Un autre TPC de Jacques s'appuie sur un effet de connivence culturel et montre bien comment l'écriture promotionnelle peut puiser aux ressources de l'écriture littéraire. Recourant au « nous », le texte adopte un registre nostalgique. Il apparaît aussi subrepticement comme un fragment autobiographique, l'ensemble convergeant vers un effet de chute, une esthétique de la pointe sous la forme d'un jeu de mots.

« Bobet, Robic, Coppi, Anquetil, Pélissier, Hassenforder, Merckx nous rappellent sobrement que le Tour était alors uniquement dépassement de soi. Ils étaient comme nos grands frères modèles et notre jeunesse, avec eux, s'est envolée. Au sommet du Ventoux ? » (Jacques, La Victoire à Ventoux, t. p., p. 42)

On trouve, condensés dans ces trois lignes, un maximum d'effets littéraires qui font du TPC de Jacques un objet plaisant pour lui-même et qui, par ricochet, doivent rendre attrayant le spectacle promu. La longue énumération (sept noms) des grands champions du cyclisme des années 60 et 70, introduit le thème de la nostalgie et participe de l'écriture du souvenir, d'inspiration proustienne, comme si le simple fait de les invoquer, avec leurs sonorités variées, «douces » (Pélissier, Bobet, Coppi), « martiales » (Hassenforder) ou « coupantes » (Robic, Anquetil, Merckx), permettait de les faire remonter à la surface de la mémoire81(*).

La connivence culturelle passe, on l'a dit, par l'emploi du « nous », qui induit un univers supposé partagé. Cet univers est celui du cyclisme professionnel contemporain que l'on oppose à celui des années 60-70. Comme dans le TPC sur Giordano Bruno, Jacques crée cette connivence au moyen d'un sous-entendu : « le Tour était alors uniquement dépassement de soi. » Entre les lignes, on devine une allusion au dopage (qui pourtant existait déjà à l'époque présentée par le rédacteur comme l'âge d'or du cyclisme...) voire aux enjeux financiers, beaucoup plus importants aujourd'hui.

La connivence culturelle se prolonge ensuite par une étonnante confidence aux accents autobiographiques et mélancoliques : « Ils étaient comme nos grands frères modèles et notre jeunesse, avec eux, s'est envolée. » Le TPC dévoile joliment une part intime de l'ethos du scripteur et s'écarte ostensiblement de l'écriture promotionnelle. Jacques s'inscrit dans son texte en homme d'âge mûr, parle de sa jeunesse et des modèles que constituaient pour l'adolescent d'alors les grands champions cyclistes. Il évoque par là-même le passage du temps et le vieillissement (« notre jeunesse, avec eux, s'est envolée »).

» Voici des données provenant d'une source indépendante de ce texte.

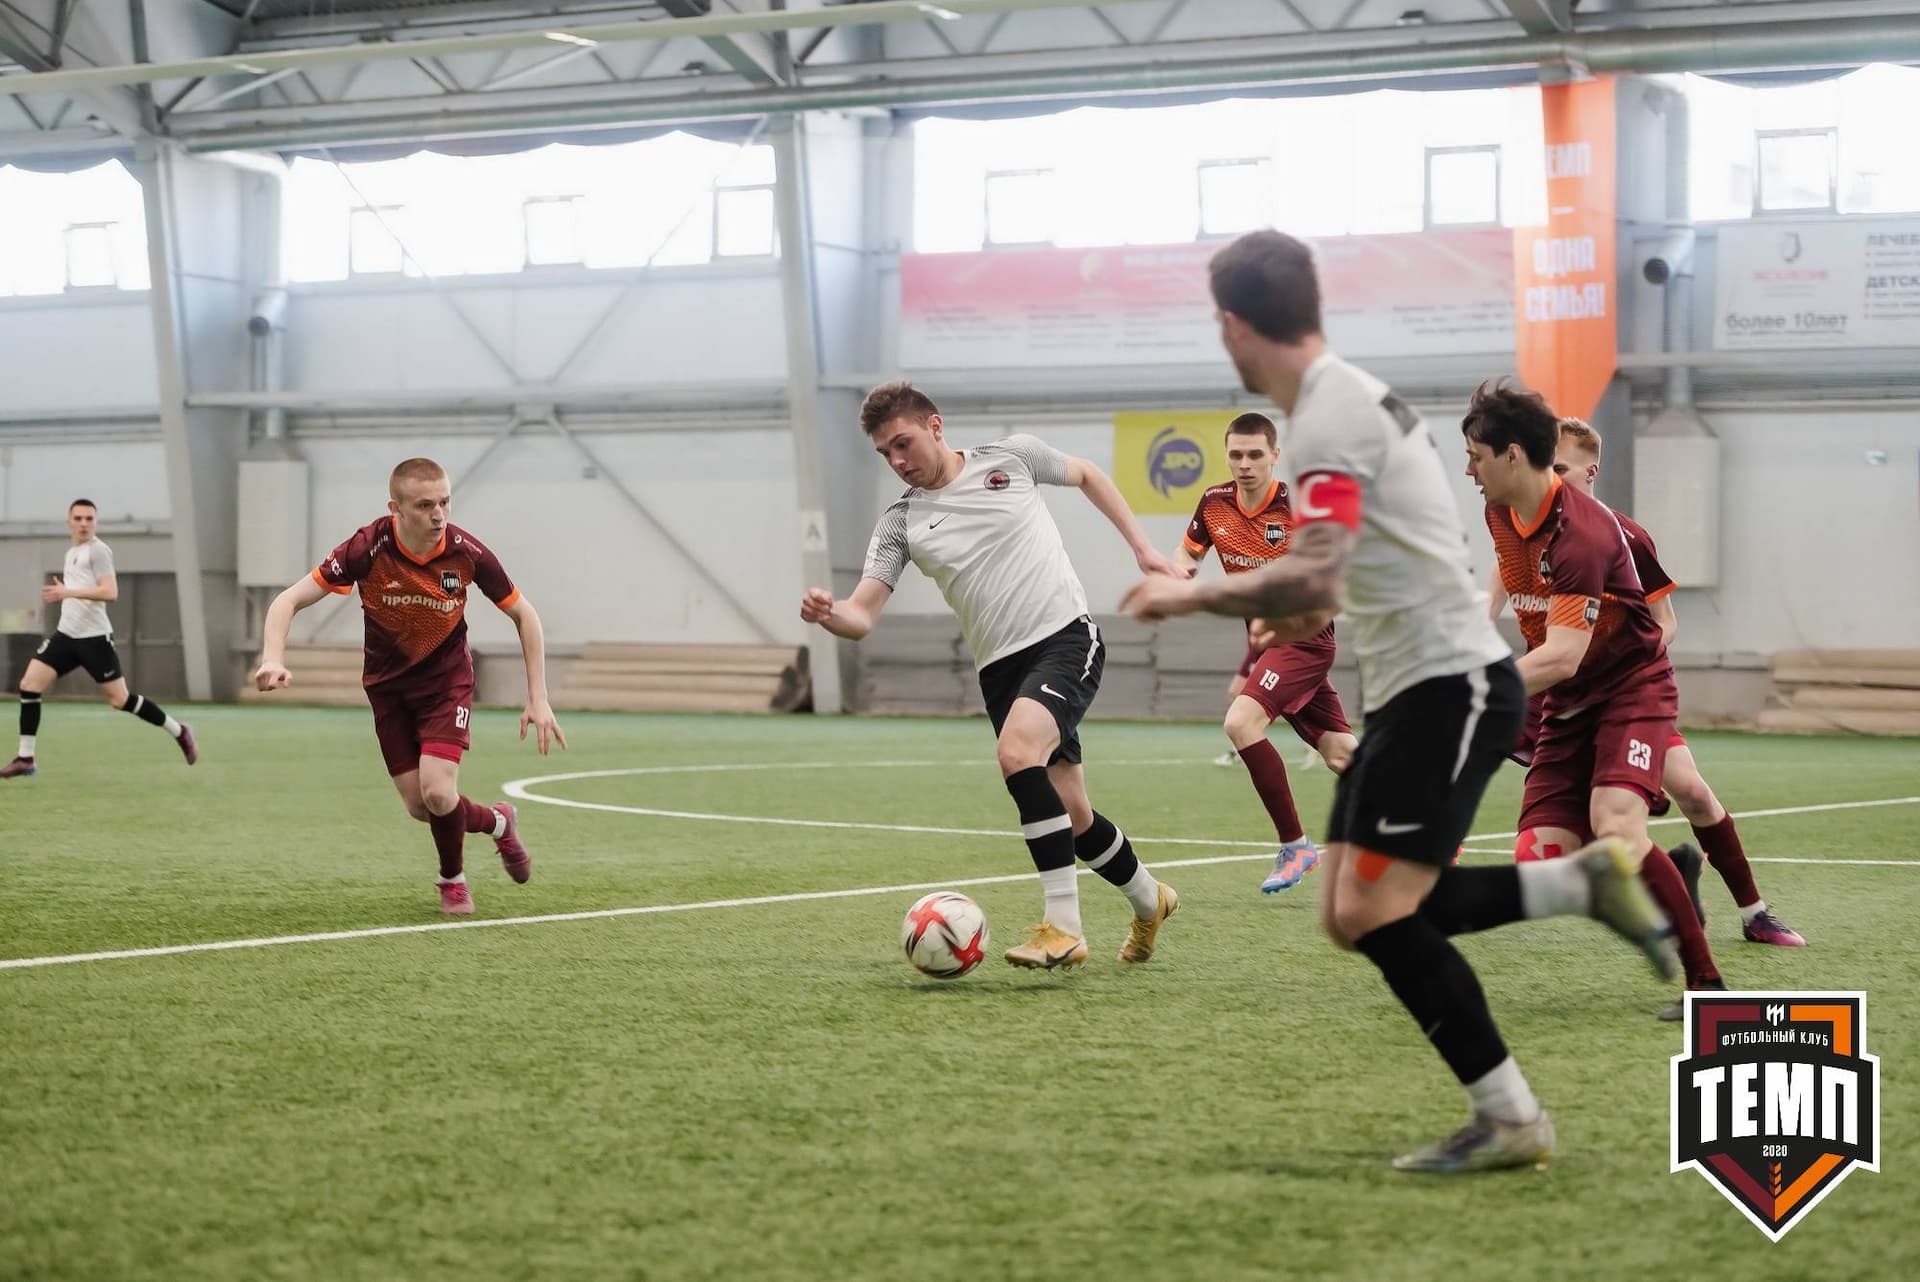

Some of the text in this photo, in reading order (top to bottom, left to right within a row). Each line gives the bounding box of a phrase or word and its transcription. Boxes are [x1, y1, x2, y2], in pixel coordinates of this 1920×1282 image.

[1545, 142, 1592, 179] ЕМП
[1533, 236, 1596, 278] ОДНА
[1525, 282, 1606, 323] СЕМЬЯ!
[1259, 669, 1281, 691] 19
[455, 706, 470, 730] 27
[1627, 738, 1652, 772] 23
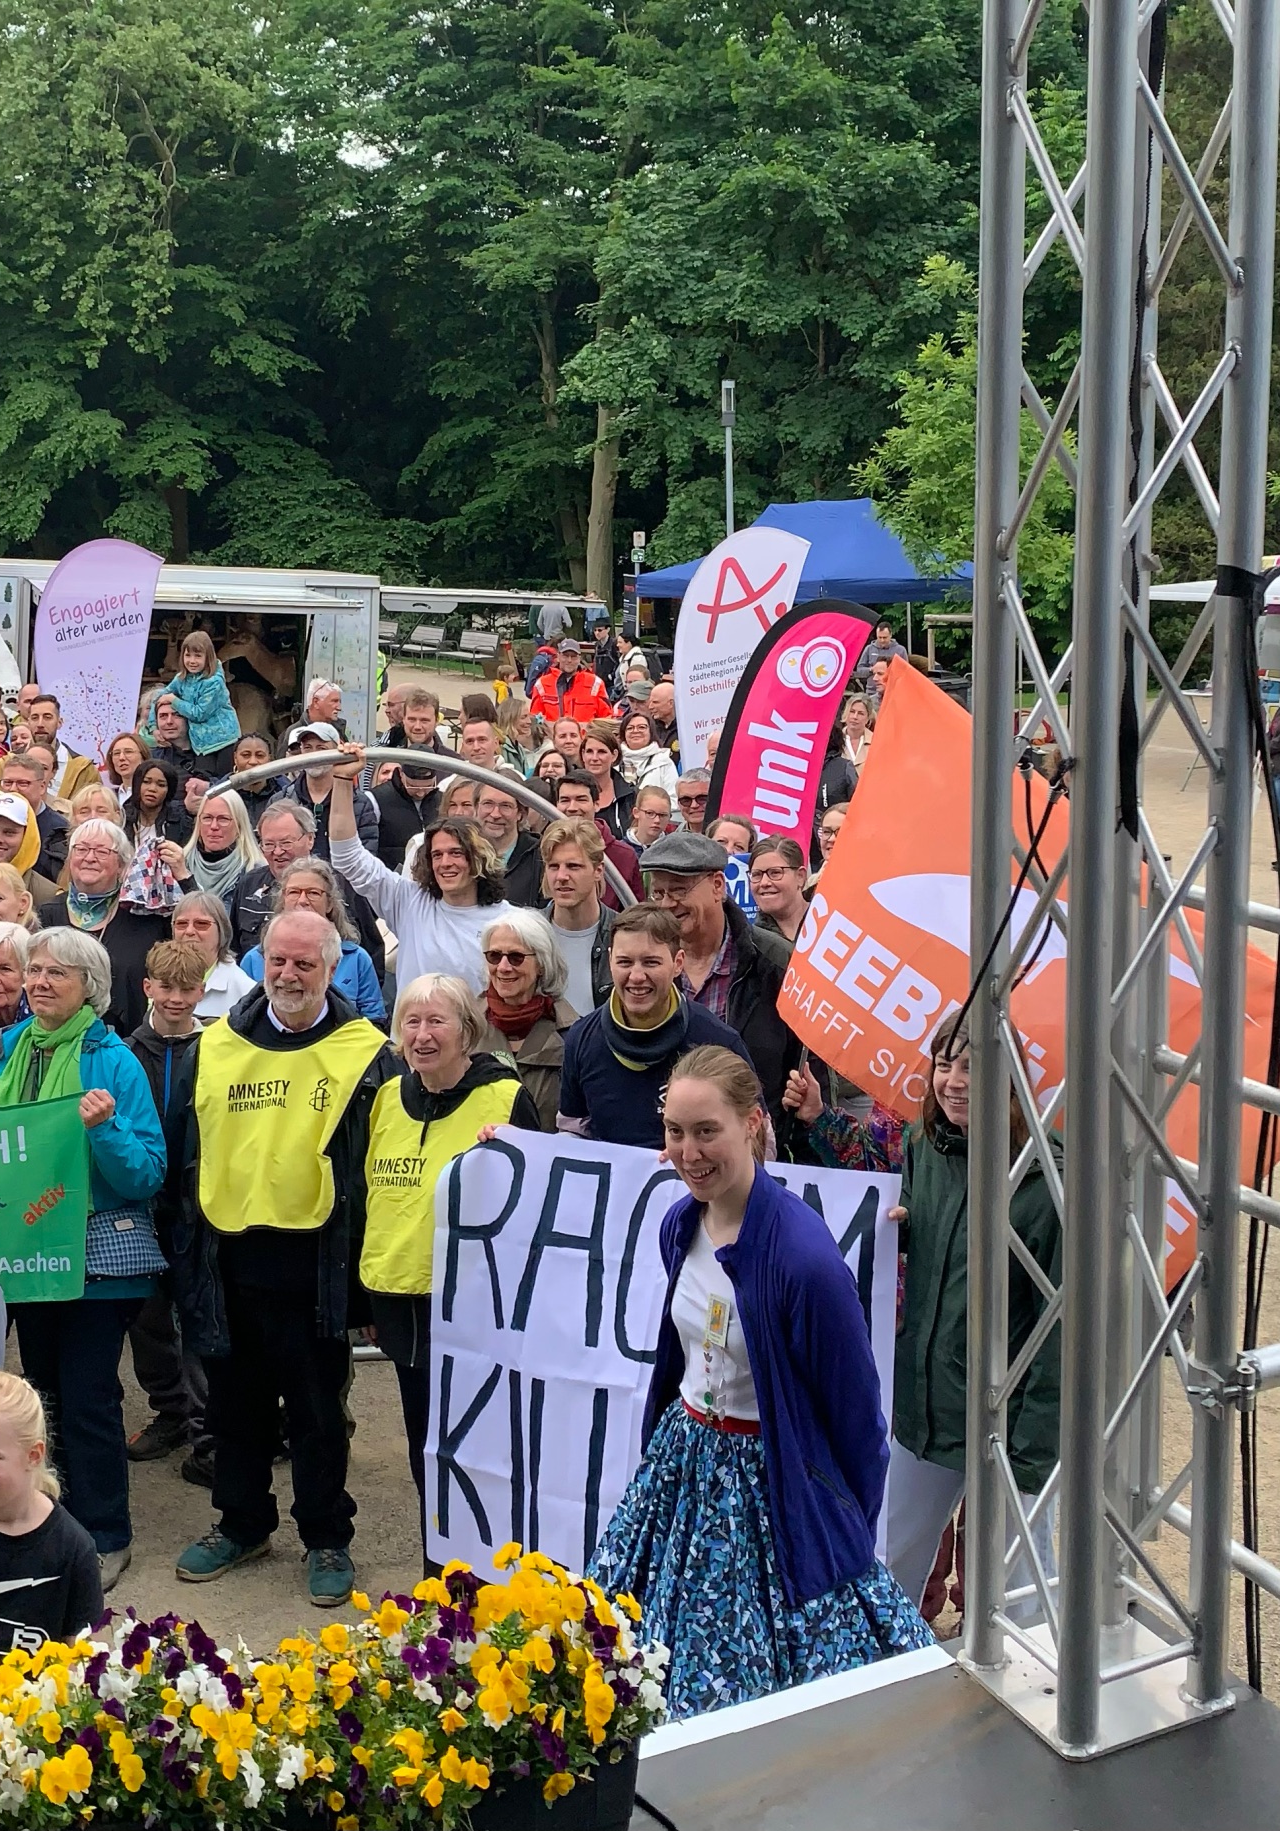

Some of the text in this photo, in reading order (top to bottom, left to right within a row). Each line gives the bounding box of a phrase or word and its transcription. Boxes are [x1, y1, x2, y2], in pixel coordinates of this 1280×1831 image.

[49, 587, 141, 626] Engagiert
[55, 612, 144, 643] älter werden
[692, 659, 727, 672] Alzheimer
[689, 678, 736, 697] Selbsthilfe
[693, 719, 708, 729] Wir
[228, 1080, 290, 1101] AMNESTY
[228, 1097, 287, 1113] INTERNATIONAL
[372, 1157, 428, 1175] AMNESTY
[22, 1183, 66, 1227] aktiv

Pourtant, bien que très littéraire, ce fragment de TPC fonctionne pleinement, à notre avis, d'un point de vue promotionnel. L'évocation de la jeunesse d'une génération désignée par le « nous » (« nos », « notre ») pourrait être excluante, rejetée par des lecteurs plus jeunes. Or, ce ton très personnel et sensible, inattendu dans un TPC, soulève chez le lecteur une forme d'empathie qui dépasse le clivage générationnel et permet même une identification. Ainsi séduit, une bonne part du lectorat peut se sentir dans la situation d'un potentiel spectateur.

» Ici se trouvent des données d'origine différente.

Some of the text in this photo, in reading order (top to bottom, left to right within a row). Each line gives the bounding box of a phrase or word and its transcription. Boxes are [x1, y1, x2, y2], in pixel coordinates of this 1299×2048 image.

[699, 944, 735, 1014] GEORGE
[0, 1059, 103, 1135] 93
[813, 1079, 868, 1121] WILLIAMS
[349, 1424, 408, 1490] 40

La tournure verbale « s'est envolée » est décisive dans l'écriture de ce fragment. Elle constitue un jeu de mots qui établit un double parallèle autour de l'idée d'envol et d'ascension. Parallèle d'abord, entre la jeunesse révolue du scripteur et l'effacement des noms de ces grands champions sur la scène de l'actualité sportive - le thème de l'ascension pris dans une perspective chrétienne étant renforcé par le fait que nombre de ces champions sont aujourd'hui décédés. Parallèle ensuite, qui repose sur une métaphore répandue dans le discours des commentateurs cyclistes : « s'envoler », c'est, pour un grimpeur, mettre à distance ses adversaires, faire la différence dans l'ascension d'un sommet. Ainsi la jeunesse se serait envolée telle un grimpeur.

Finalement, la mélancolie qui sourd de l'évocation nostalgique est désamorcée grâce à la clausule nominale : « Au sommet du Ventoux ? ». La malice reprend le dessus et la jeunesse n'apparaît plus comme définitivement perdue mais comme protégée par un territoire mythologisé de l'enfance : le sommet du Ventoux. Cette dernière phrase, brève, interrogative, clôt très habilement une écriture personnelle tout en renouant le fil de l'écriture promotionnelle. En effet, cette « pointe », comme on disait aux XVII et XVIII ème siècles (dite aussi, plus savamment, apothèse), ferme le texte par un écho ingénieux au titre de la pièce « La Victoire à Ventoux ». La pointe, qui découle, sans rupture, de l'évocation nostalgique opère comme un clin d'oeil au titre, c'est-à-dire au spectacle à promouvoir, objet premier du texte. La chute rappelle aussi (en creux, c'est-à-dire avec la délicatesse de ne pas le reprendre) le jeu de mots que le titre recèle : la victoire avant tout82(*).

* 81 L'intertexte serait ici le célèbre « Noms de pays » dans Du côté de chez Swann.

* 82 Contrairement au rédacteur, l'analyse du discours n'a pas (toujours) ces délicatesses...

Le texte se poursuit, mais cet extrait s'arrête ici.